Sie hatten die gleiche Frage zu meinem Artikel über die sich verlangsamende Erddrehung.

http://www.spiegel.de/wissenschaft/natur/beweise-in-babylonische-keilschriften-die-tage-werden-laenger-a-1125682.html

Sie fragten, wie zwei scheinbar unterschiedliche Aussagen im Text übereinstimmen könnten:

Aussage 1) „Nicht um 2,3 Tausendstelsekunden (Millisekunden) pro Jahrhundert – wie es Satellitendaten nahelegen – verlangsame sich die Erdrotation, sondern um nur 1,8 Tausendstelsekunden, berichtet eine Gruppe um Leslie Morrison vom Royal Greenwich Observatory.“

Aussage 2) „Ein Tag war zu Zeiten der Babylonier etwa vier hundertstel Sekunden kürzer. Seither sind etwa eine Million Tage vergangen. Seit Babylon ergibt sich also für jeden Ort ein Unterschied der Uhrzeit von mehreren Stunden.“

Beides stimmt.

Aussage 1 nennt die Rate der Verlangsamung. Die Erde dreht sich demnach heute etwa um vier hundertstel Sekunden langsamer als zur Zeit Babylons.

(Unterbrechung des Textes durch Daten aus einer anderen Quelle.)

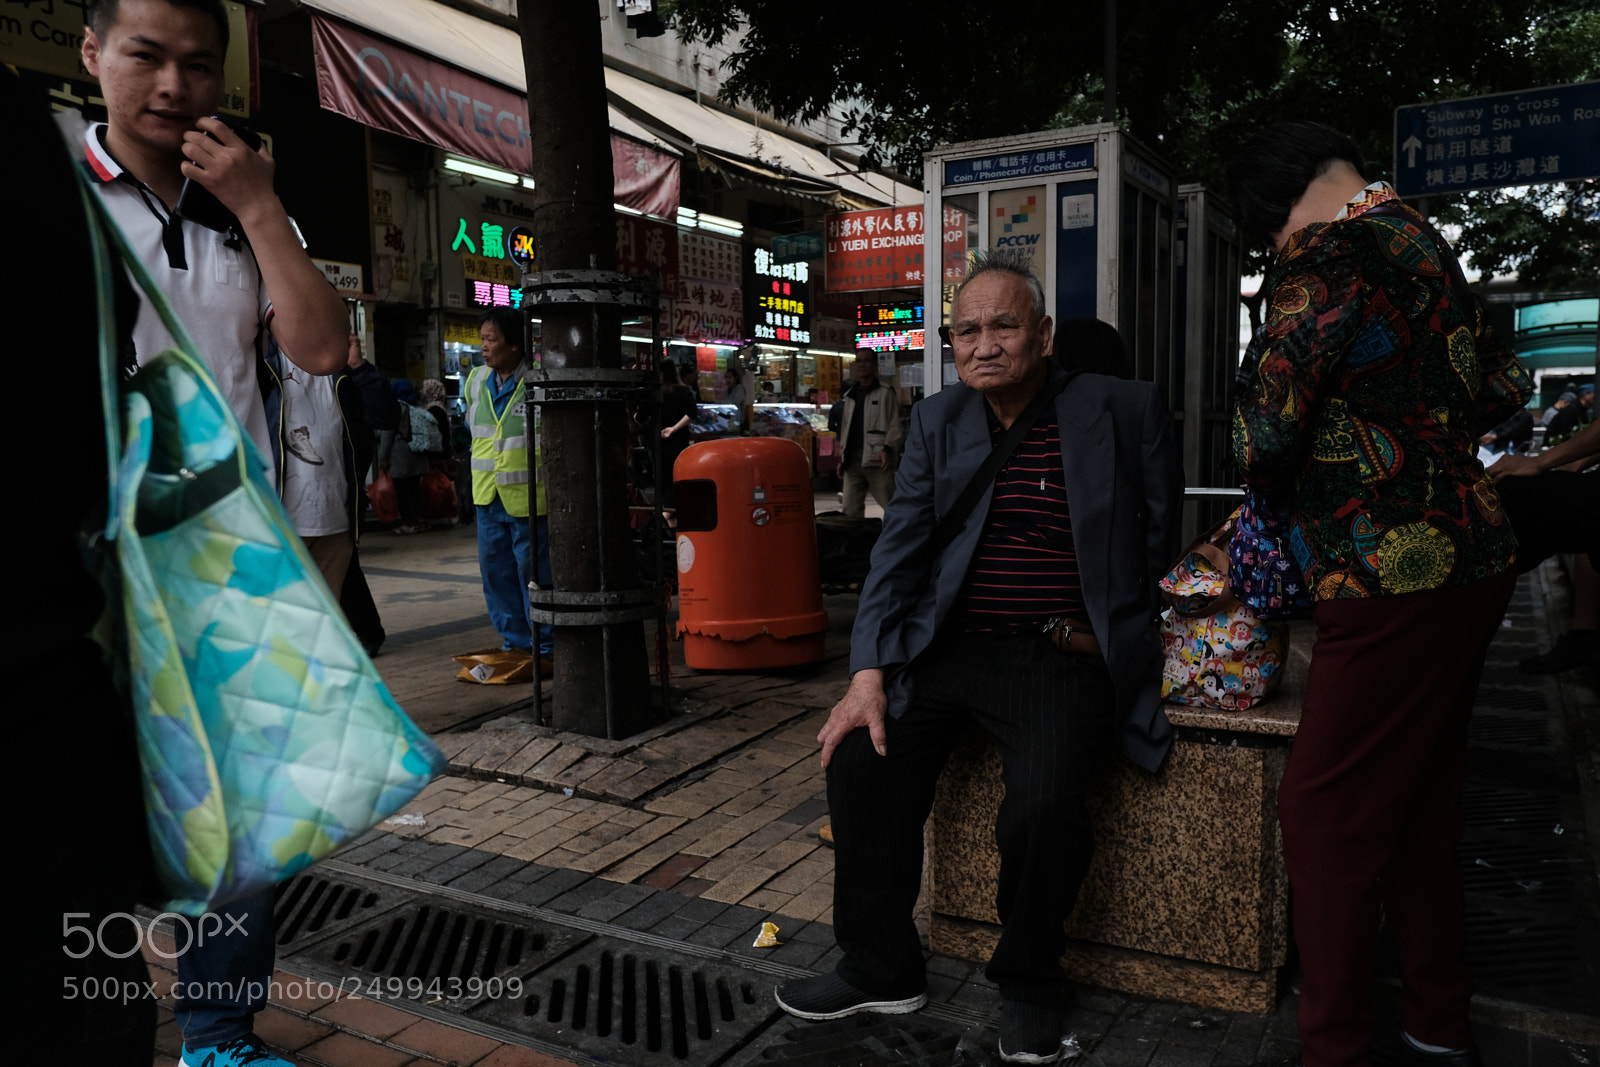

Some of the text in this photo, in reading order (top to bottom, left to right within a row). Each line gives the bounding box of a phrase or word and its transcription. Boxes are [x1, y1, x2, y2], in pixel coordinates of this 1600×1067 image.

[1426, 97, 1560, 123] Subway to cross
[1426, 108, 1600, 138] Cheung Sha Wan Roa
[1425, 135, 1513, 161] 請用隧道
[1065, 159, 1087, 169] Card
[481, 195, 501, 212] JK
[452, 218, 505, 259] 人氣
[828, 242, 837, 253] LI
[841, 239, 869, 252] YUEN
[997, 234, 1040, 247] PCCW
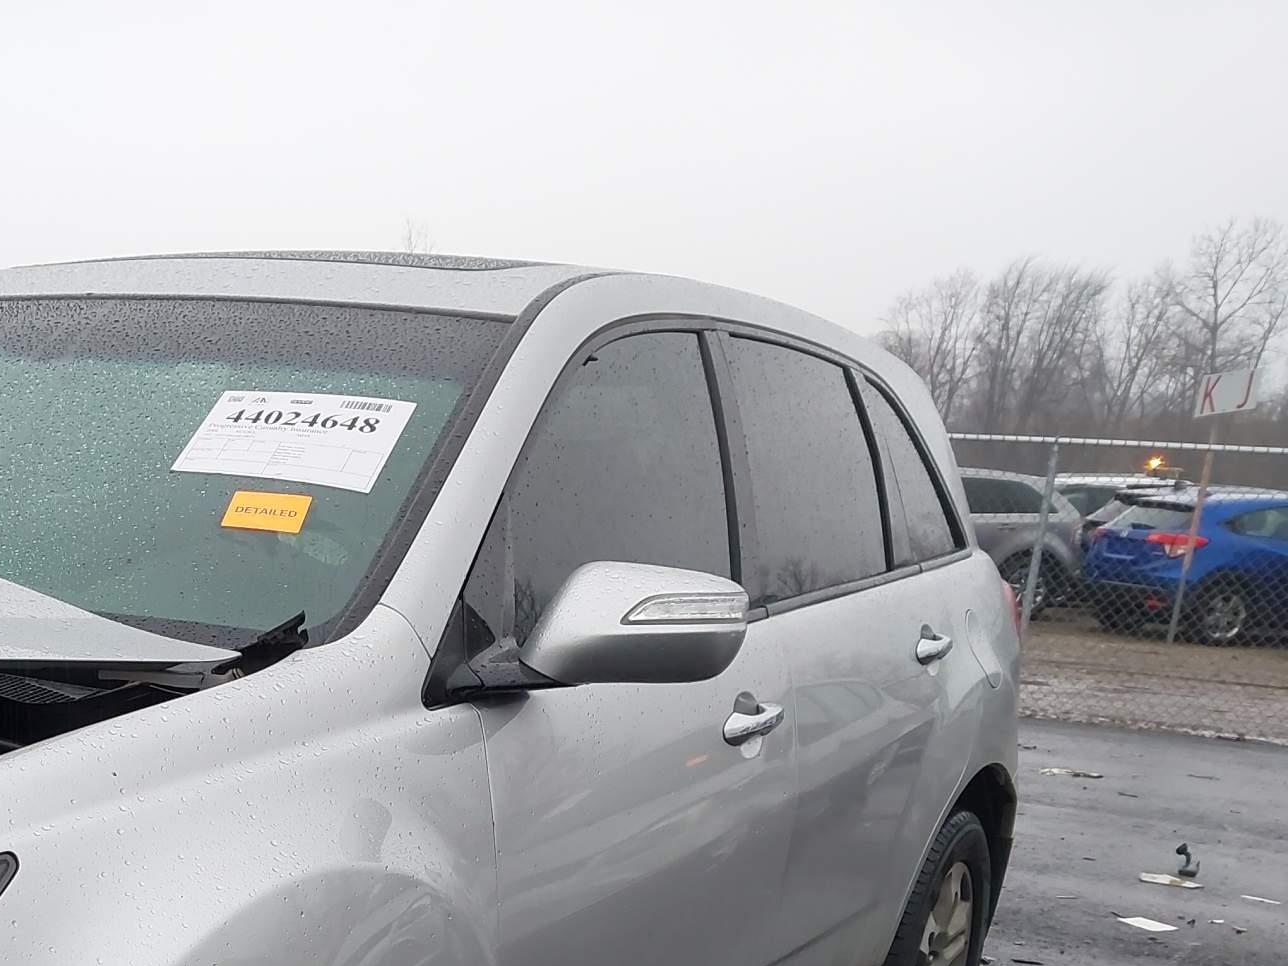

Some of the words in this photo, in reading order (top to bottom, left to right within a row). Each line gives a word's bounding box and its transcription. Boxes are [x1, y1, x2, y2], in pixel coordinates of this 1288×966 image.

[1199, 375, 1223, 415] K
[1236, 370, 1255, 409] J
[225, 408, 381, 433] 44024648
[234, 506, 298, 518] DETAILED
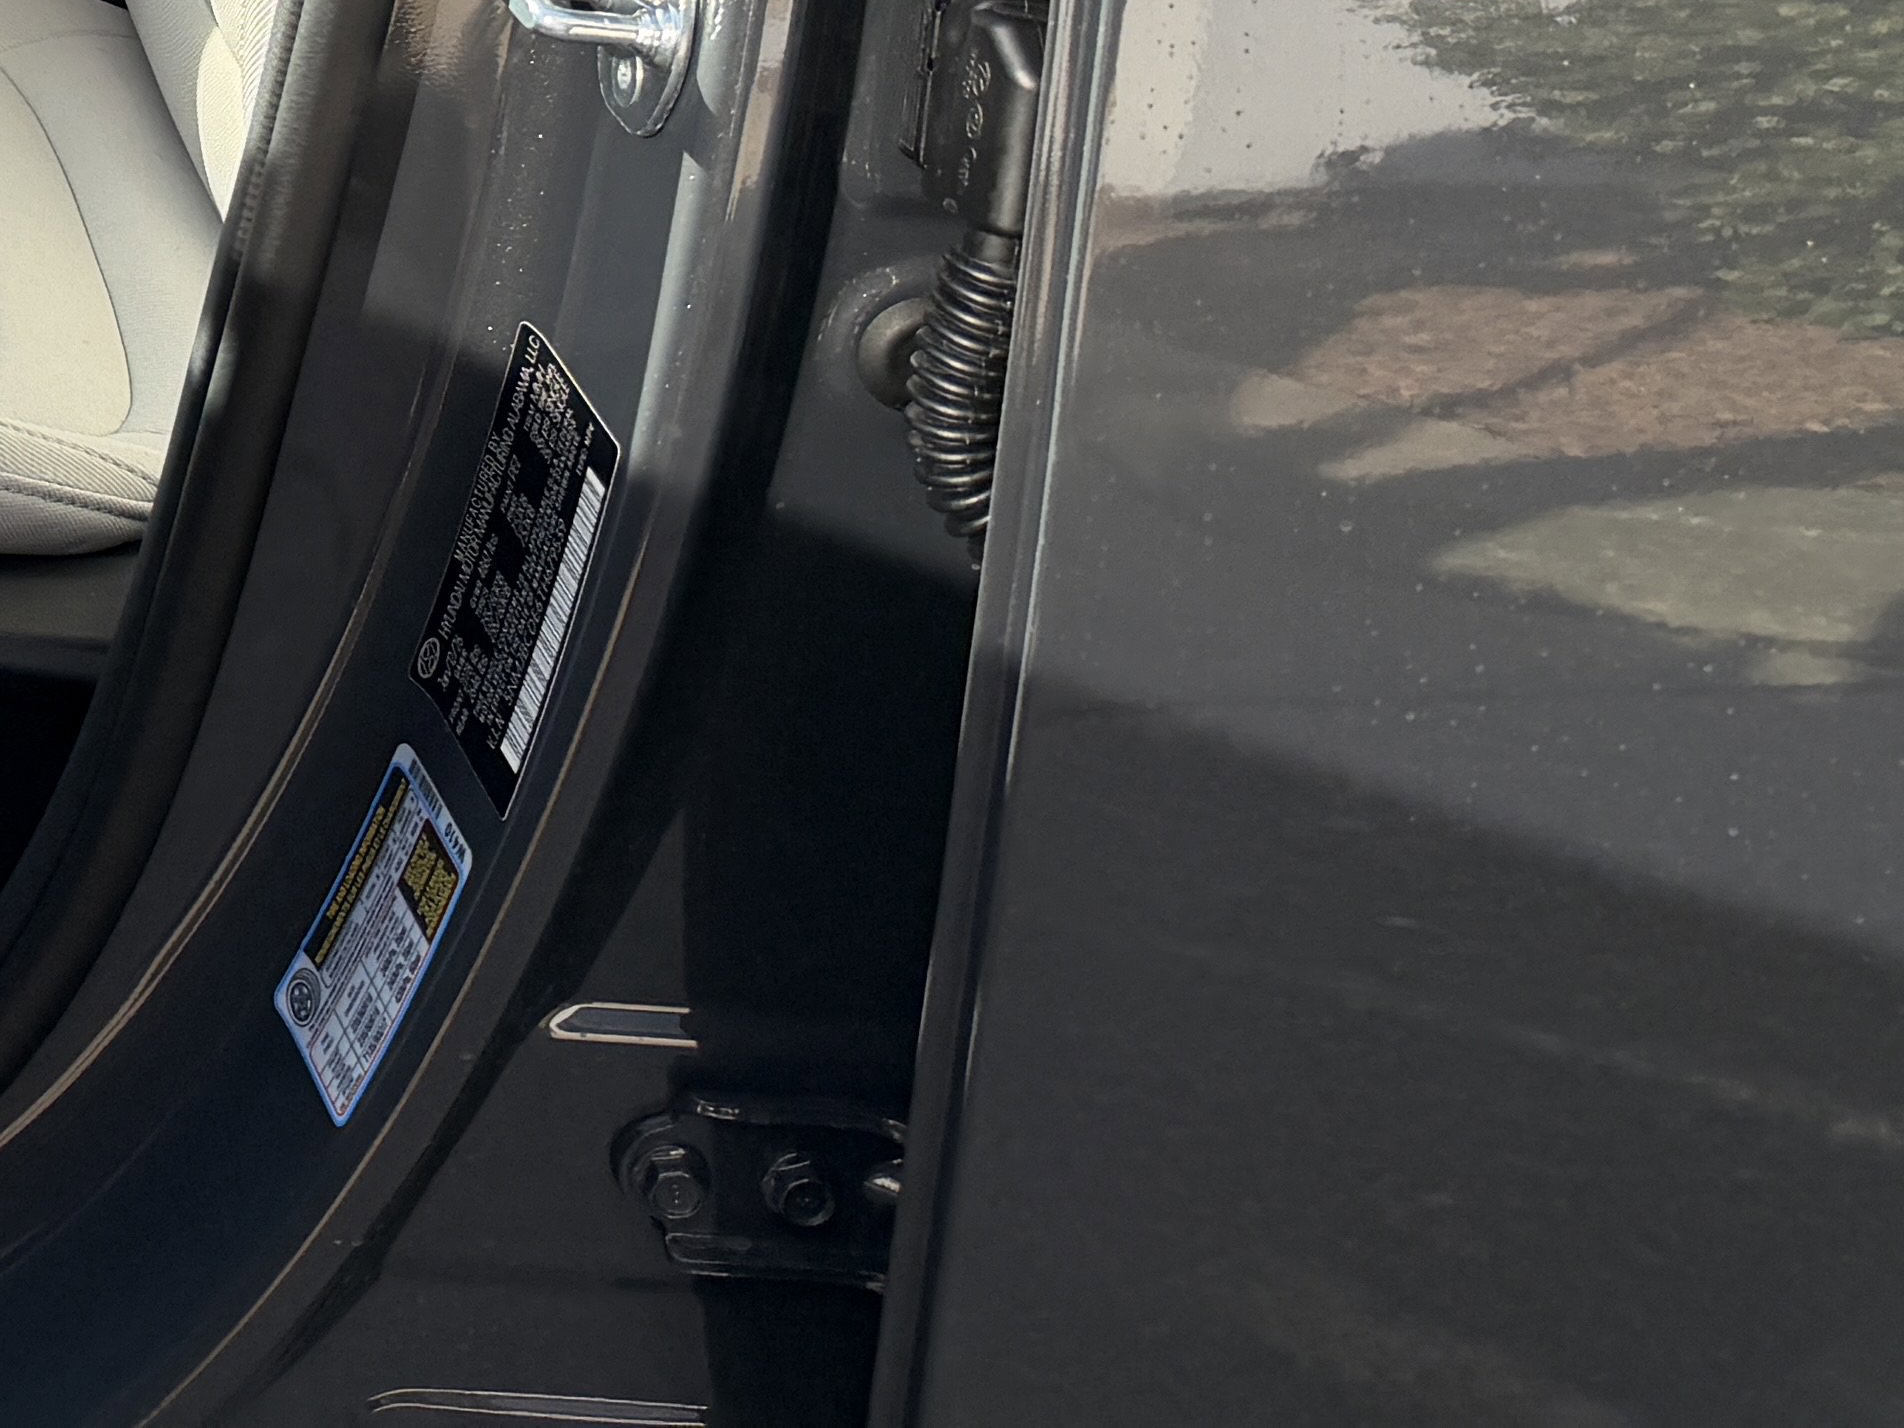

Aussage 2 nennt den Unterschied der Uhrzeit an einem Ort.

Der Unterschied der Uhrzeit summiert sich zu mehreren Stunden, weil sich die Zeitunterschiede jeden Tages der letzten 2700 Jahre addieren: War es also vor 2700 Jahren 12 Uhr mittags in Babylon, so ist es dort heute erst einige Stunden später 12 Uhr.

Weil Babylonier und andere Menschen der Antike den Zeitpunkt der astronomischen Ereignisse exakt vermerkt hatten, lässt sich die Diskrepanz der Stellung der Erde zu heute präzise berechnen; die Forscher überprüften Hunderte Aufzeichnungen.

Sie haben berechnet, welche Uhrzeit bei konstanter Erddrehung an den Sonnenfinsternis-Orten herrschen würde – und welche die antiken Völker tatsächlich notiert haben. Aus dem Unterschied ergibt sich, wie stark sich die Erddrehung verlangsamt hat.

Ich habe den Artikel um diese Erklärung erweitert, herzlichen Dank für Ihre kritische Nachfrage!